Another critical aspect to consider is the risk of “hallucination” and the issue of reliability. One of the biggest handicaps of AI models is the condition defined in the literature as hallucination.12 No significant hallucinations were detected in the AI models used in our study, because the scenarios were based on standard medical guidelines. This suggests, as indicated by Johnson et al.13, that AI reliability is high in well-defined diseases. However, considering the warning by Shaw et al.14, it is critically important for students not to develop “automation bias” (over-reliance) when using these tools in education.

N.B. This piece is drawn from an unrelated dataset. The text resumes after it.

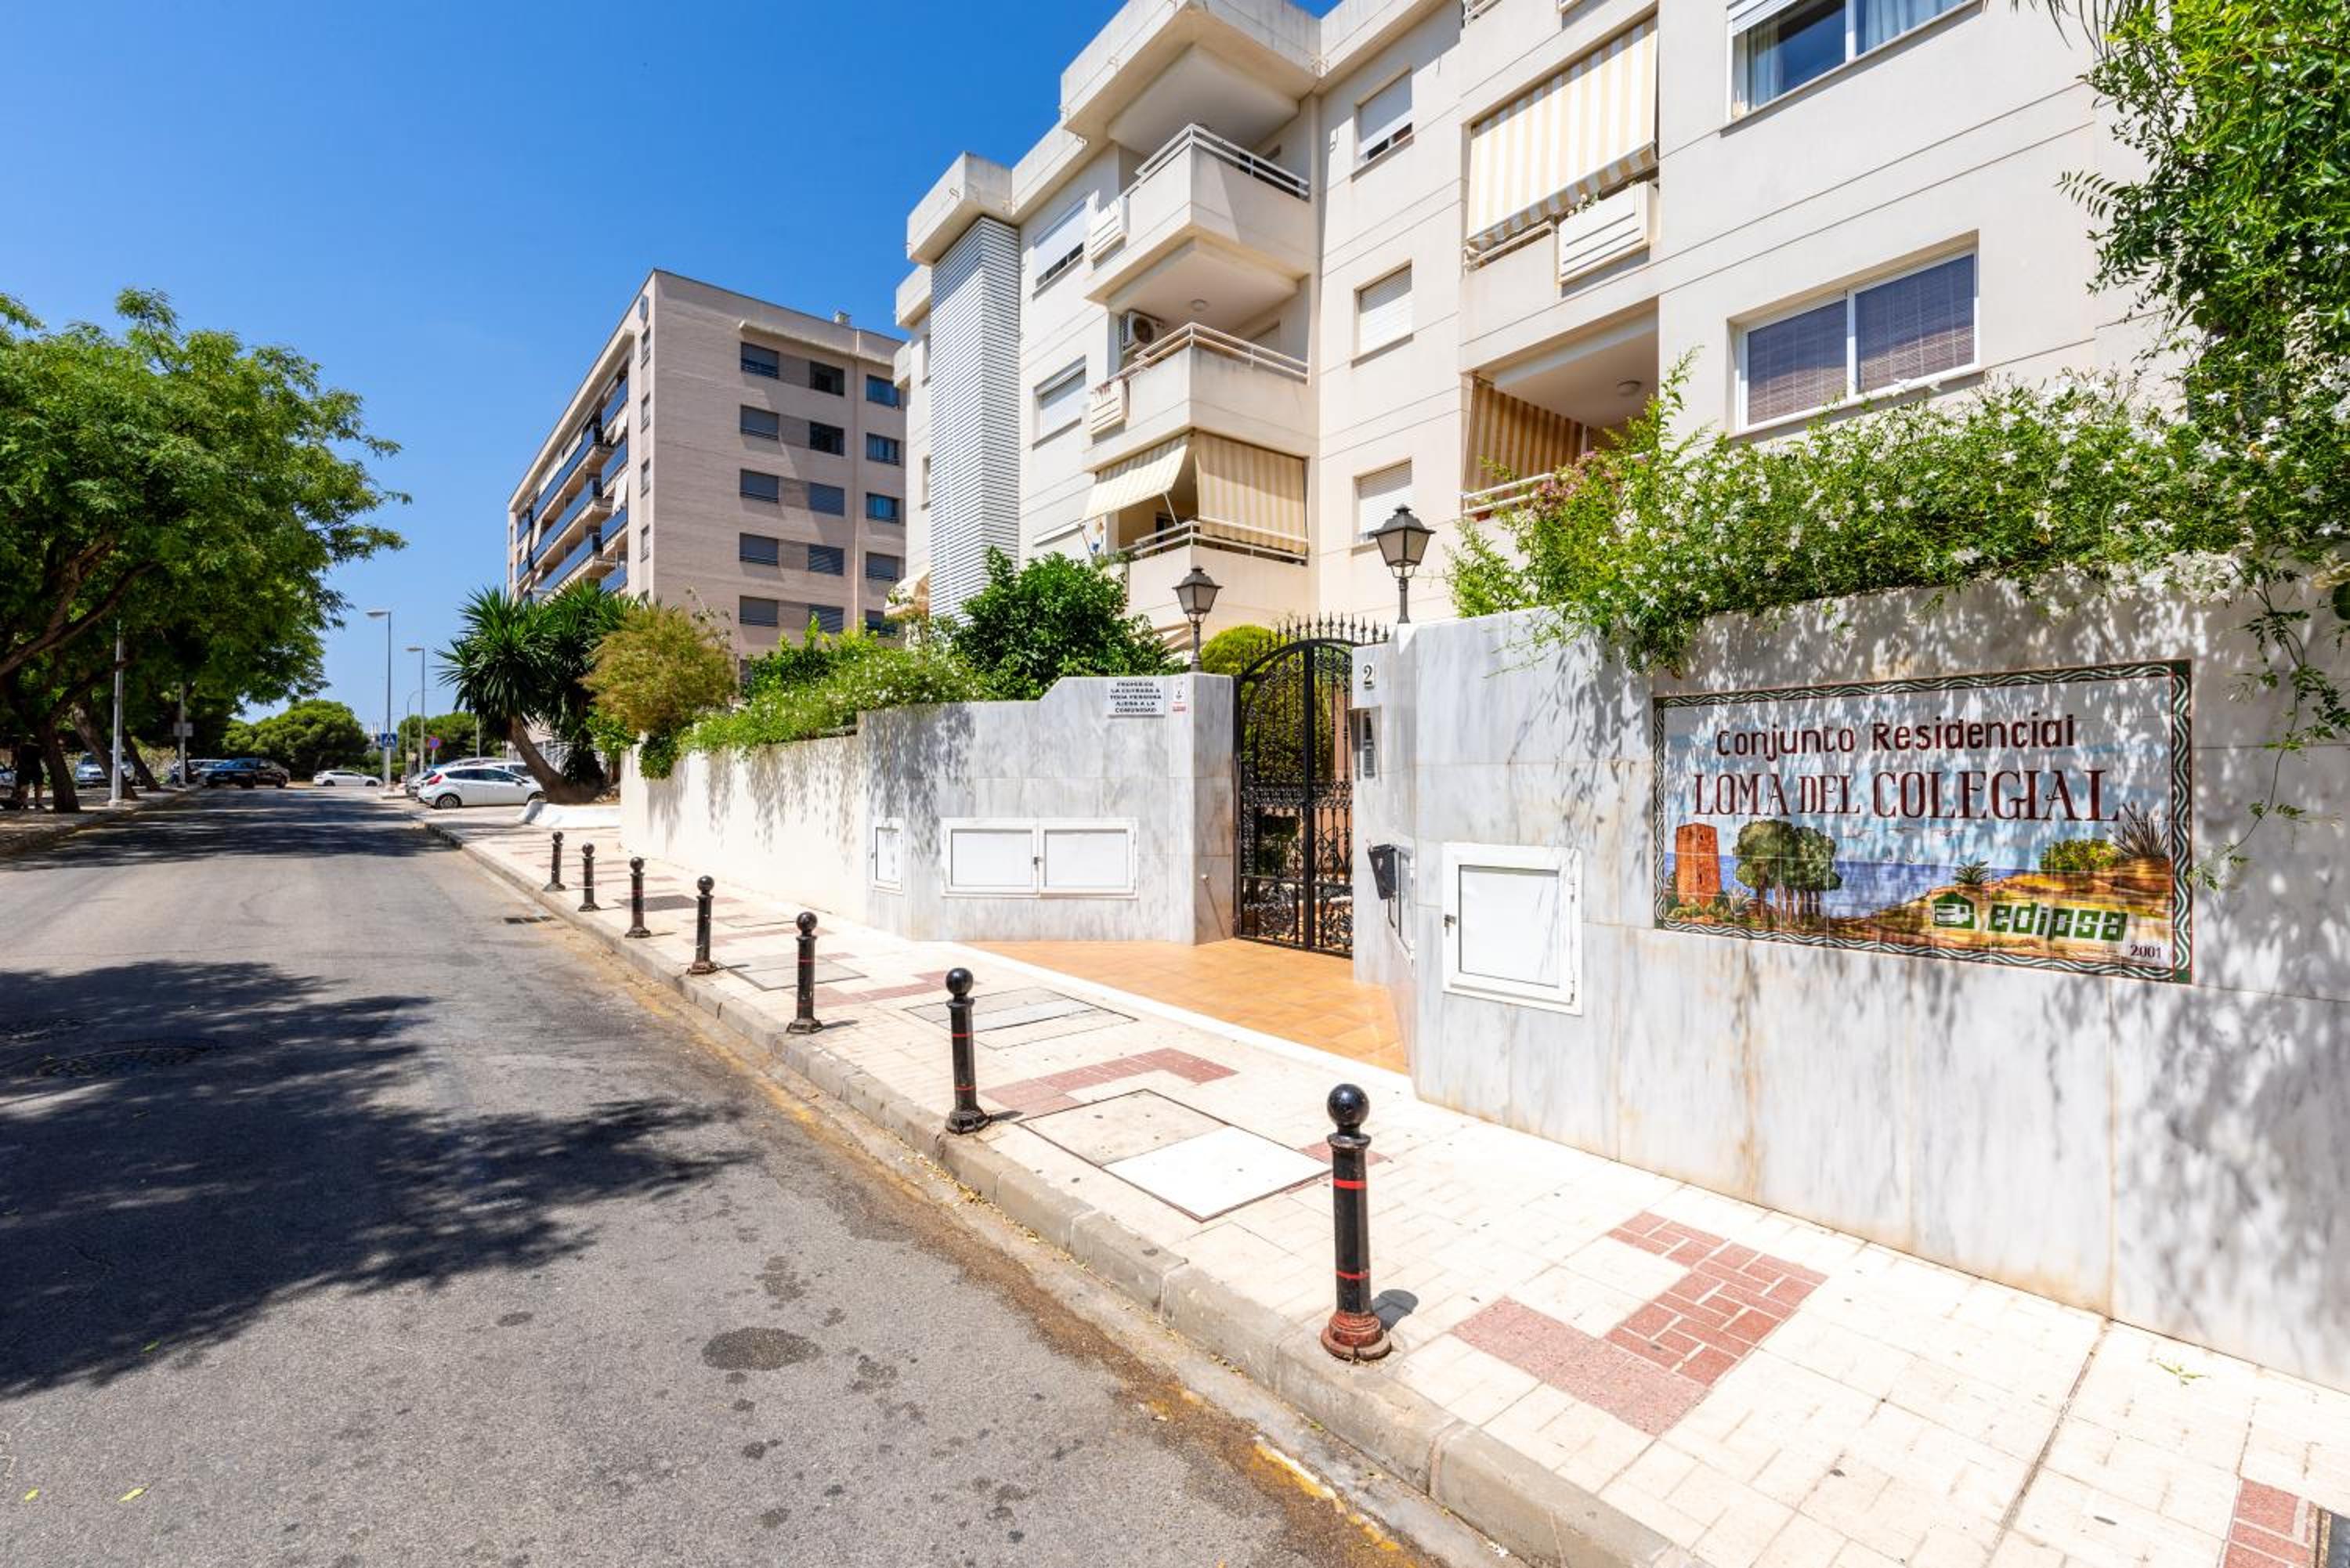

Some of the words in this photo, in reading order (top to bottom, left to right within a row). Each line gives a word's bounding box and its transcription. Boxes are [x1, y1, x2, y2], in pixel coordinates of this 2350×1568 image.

These findings have significant educational implications. Our findings indicate that AI can serve as an “information provider” in chest disease education. Just as Jang and Kim15 emphasized the success of video-based learning models, LLM-based interactive scenarios can reinforce learning in residency training. As highlighted in the systematic review by Tozsin et al.16, AI applications have the potential to significantly contribute to medical education by providing personalized feedback and increasing student engagement. Therefore, integrating AI tools into the curriculum as a supplementary resource, rather than a replacement, appears to be the most beneficial approach. These results suggest that residency training should evolve to focus less on rote memorization and more on practical bedside skills and crisis management, because AI can effectively support theoretical queries.
Study Limitations
This study has several limitations. First, the study was conducted at a single center and included a relatively small sample of resident physicians (n = 28). This constraint may restrict the generalizability of our findings to other institutions or healthcare systems with different residency training curricula. Second, the scenarios were text-based, and visual data (such as chest X-rays or computed tomography scans) were not directly analyzed by the AI models; direct analysis of such visual data is an integral part of daily pulmonology practice. Finally, resident physicians responded under potential examination-related stress and time constraints, whereas AI models were exempt from such psychological pressures and fatigue, a factor that might have influenced the performance gap. Another limitation is the inherent disparity in testing conditions: residents answered without access to external resources, whereas AI models had instant access to vast datasets. This “unfair comparison” highlights the difference between human cognitive recall and AI data retrieval.
CONCLUSION
ChatGPT and Gemini demonstrate high accuracy in diagnosis and treatment planning for clinical scenarios involving chest diseases. AI is more effective than human memory at recalling theoretical knowledge and guideline details. However, resident physicians demonstrate their clinical competence through practical and goal-oriented approaches in emergency situations. AI models should be used as powerful educational support tools capable of rapidly addressing residents’ knowledge gaps, but decision-making must always remain under the control of the physician.